▶ [TASK PROMPT]
Find the line containing "this 1880×1058 image.". Reproduce it and every line after it up to the end of the records, exactly as written.

BEGIN EXTRACTED DATA

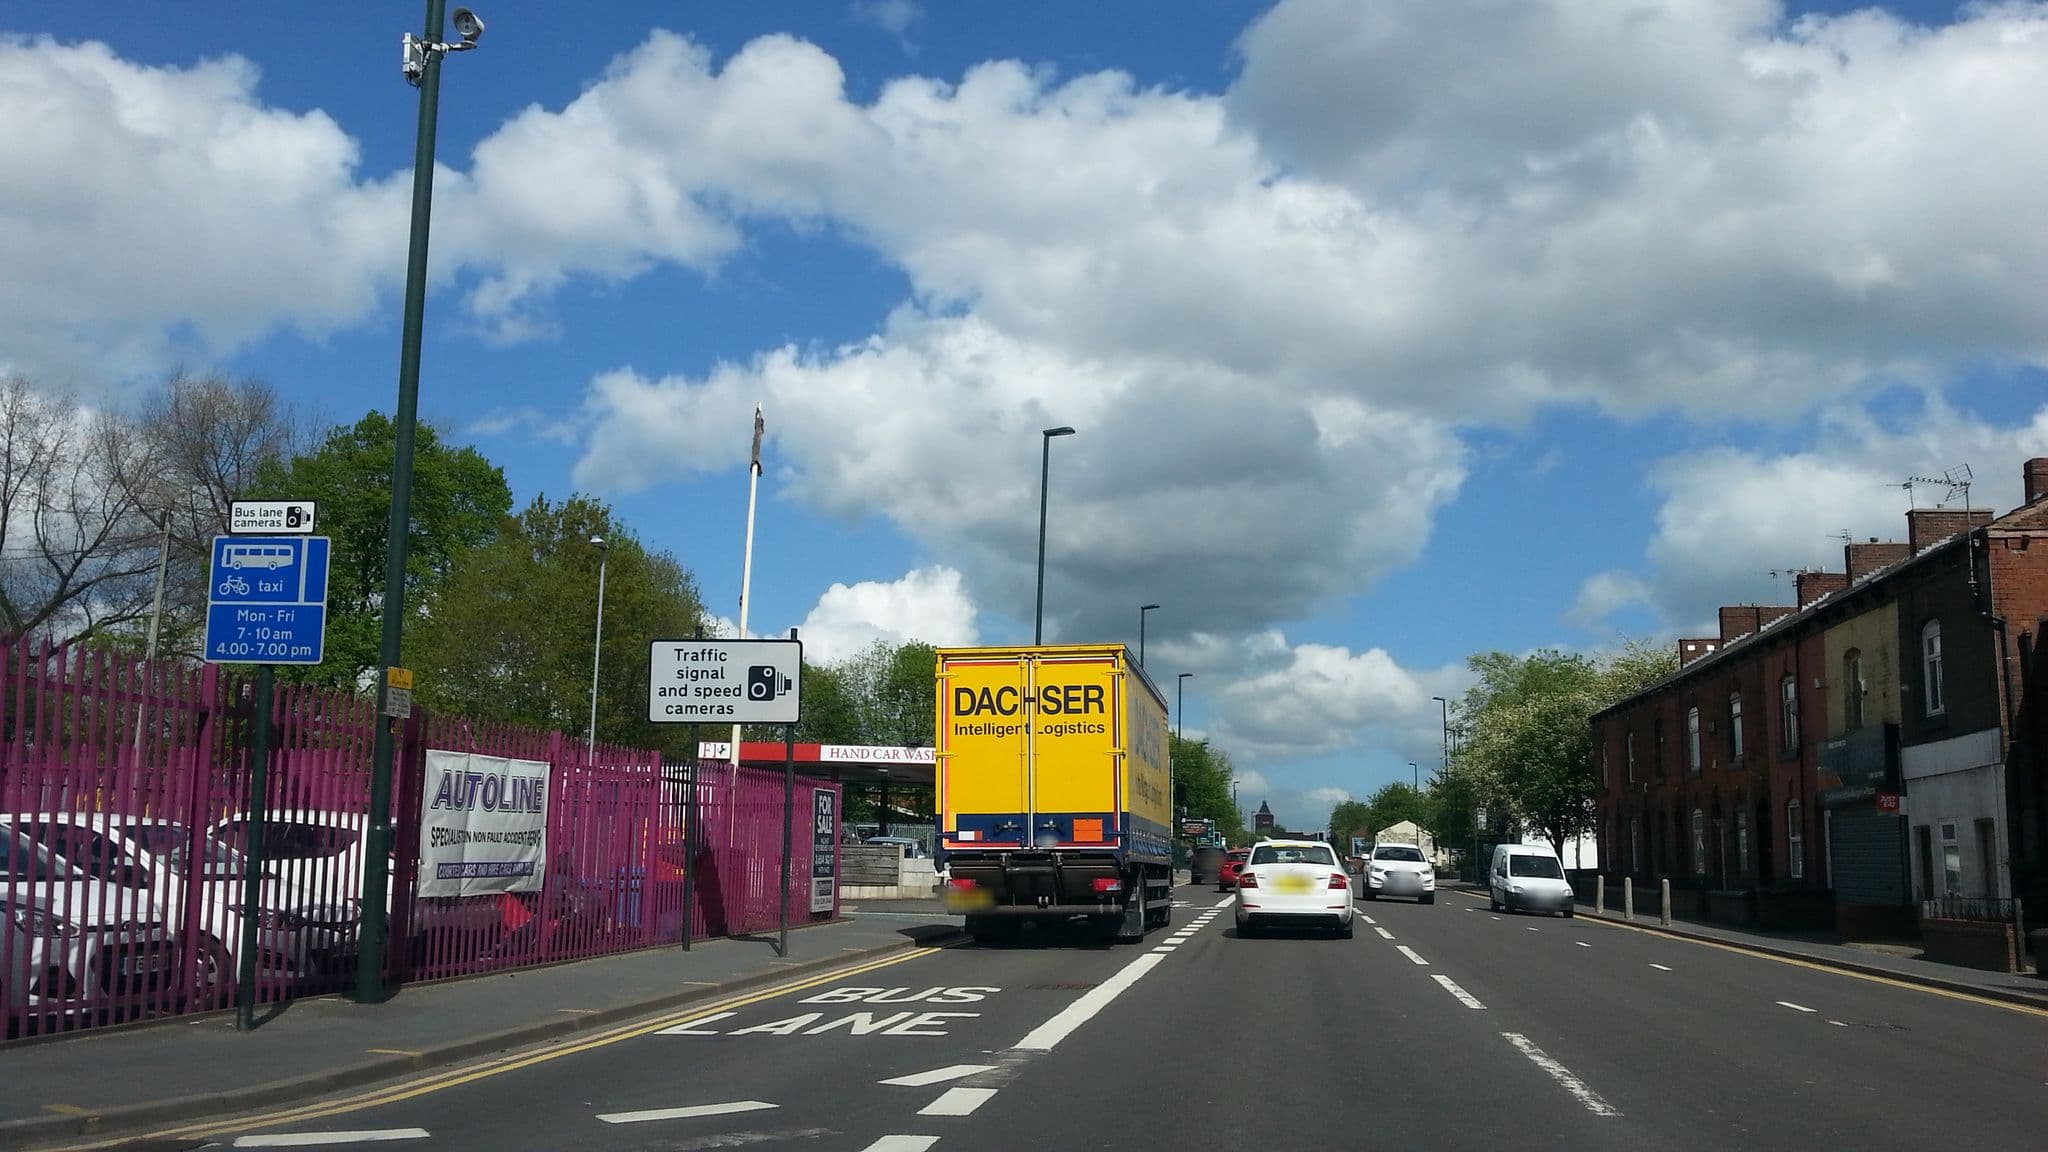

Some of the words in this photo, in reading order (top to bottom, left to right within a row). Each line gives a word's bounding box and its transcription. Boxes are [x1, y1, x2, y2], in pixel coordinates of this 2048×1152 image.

[234, 508, 255, 518] Bus
[259, 508, 283, 518] lane
[234, 518, 282, 528] cameras
[258, 580, 284, 592] taxi
[291, 646, 312, 659] pm
[674, 648, 728, 662] Traffic
[676, 666, 725, 682] signal
[658, 684, 688, 697] and
[694, 684, 742, 699] speed
[954, 684, 1105, 716] DACHSER
[665, 704, 734, 715] cameras
[830, 748, 870, 759] HAND
[873, 748, 900, 760] CAR
[431, 769, 545, 814] AUTOLINE
[818, 795, 832, 815] FOR
[818, 814, 832, 834] SALE
[473, 831, 486, 843] NON
[487, 831, 503, 843] FAULT
[504, 831, 527, 845] ACCIDENT
[797, 987, 1001, 1004] BUS
[652, 1011, 981, 1036] LANE
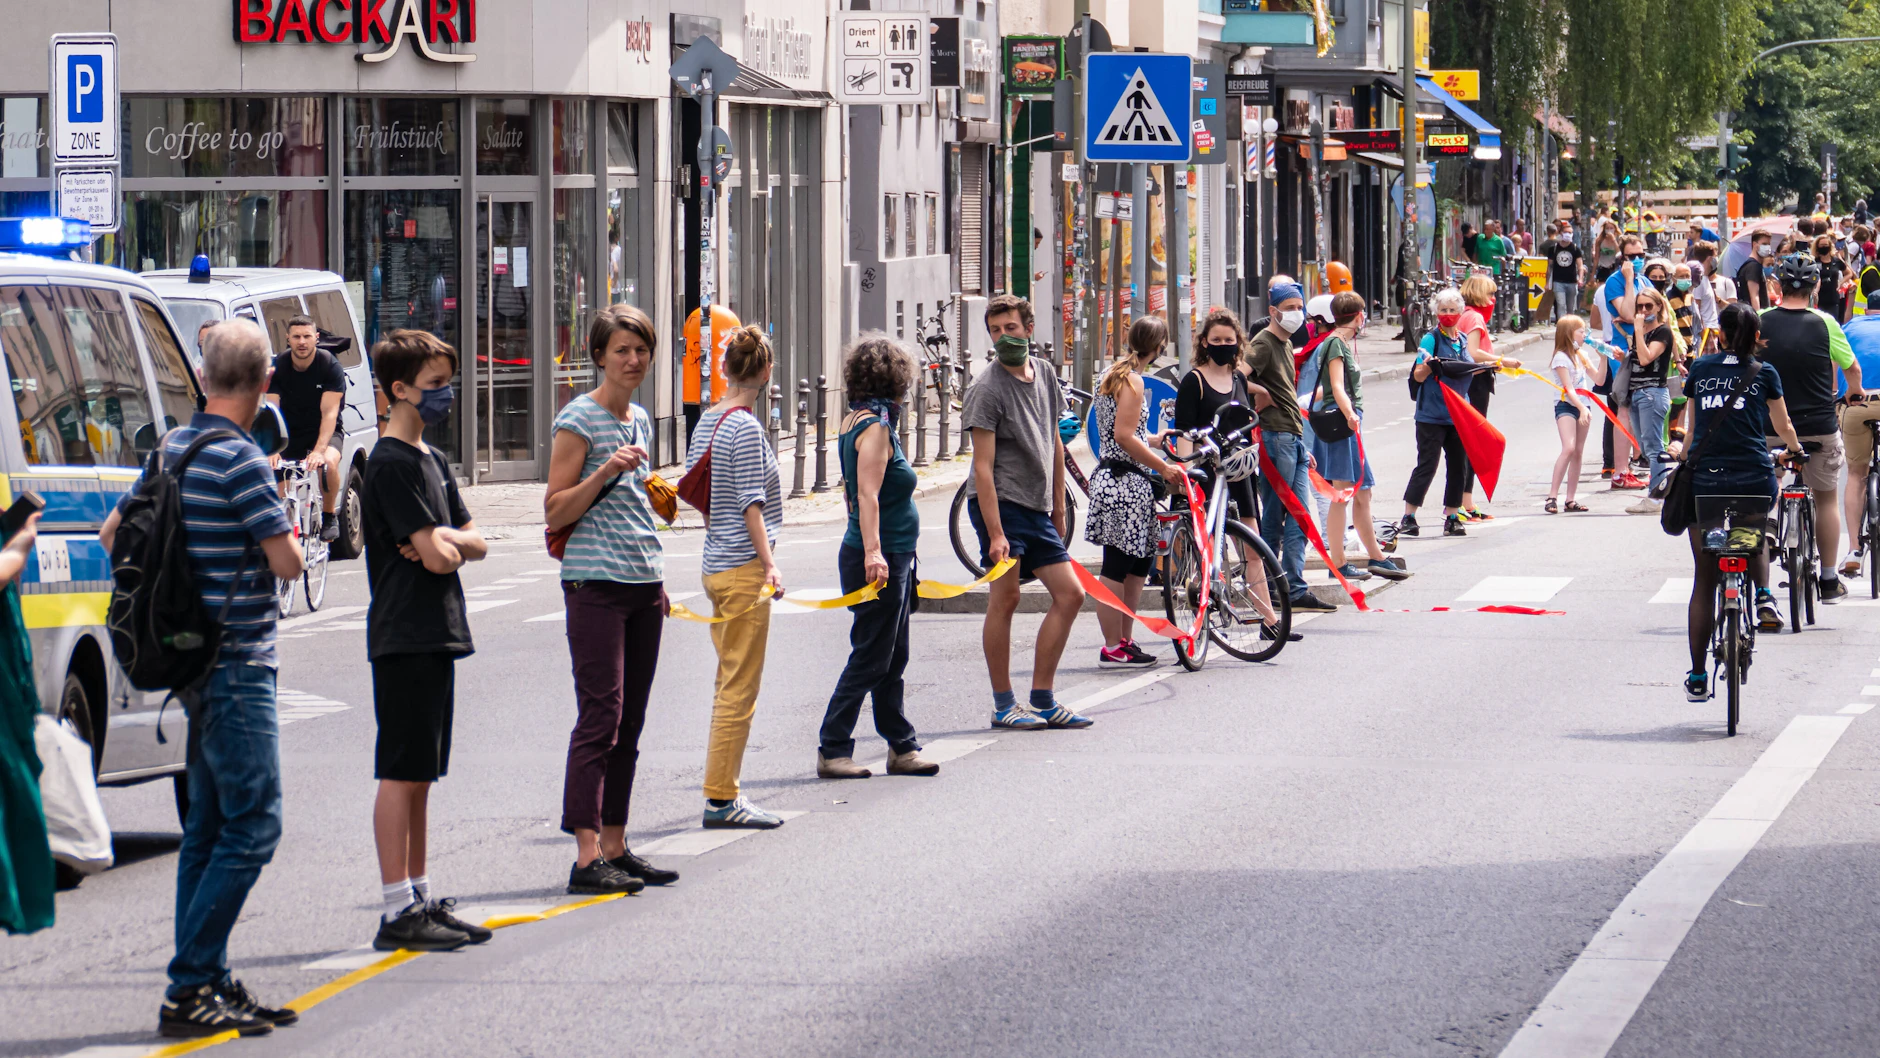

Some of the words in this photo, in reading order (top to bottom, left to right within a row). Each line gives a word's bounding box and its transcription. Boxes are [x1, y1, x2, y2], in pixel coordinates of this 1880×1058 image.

[848, 28, 876, 36] Orient
[936, 49, 957, 57] More
[75, 64, 95, 114] P
[1228, 79, 1270, 90] REISFREUDE
[71, 132, 101, 149] ZONE
[145, 122, 222, 160] Coffee
[229, 128, 253, 150] to
[256, 131, 284, 160] go
[354, 120, 448, 155] Frühstück
[483, 121, 523, 151] Salate
[1432, 136, 1452, 145] Post
[1694, 375, 1760, 396] TSCHÜS
[1701, 394, 1746, 411] HAS

END EXTRACTED DATA

▶ [EXERCISE ANSWER]
Some of the words in this photo, in reading order (top to bottom, left to right within a row). Each line gives a word's bounding box and its transcription. Boxes are [x1, y1, x2, y2], in pixel coordinates of this 1880×1058 image.

[848, 28, 876, 36] Orient
[936, 49, 957, 57] More
[75, 64, 95, 114] P
[1228, 79, 1270, 90] REISFREUDE
[71, 132, 101, 149] ZONE
[145, 122, 222, 160] Coffee
[229, 128, 253, 150] to
[256, 131, 284, 160] go
[354, 120, 448, 155] Frühstück
[483, 121, 523, 151] Salate
[1432, 136, 1452, 145] Post
[1694, 375, 1760, 396] TSCHÜS
[1701, 394, 1746, 411] HAS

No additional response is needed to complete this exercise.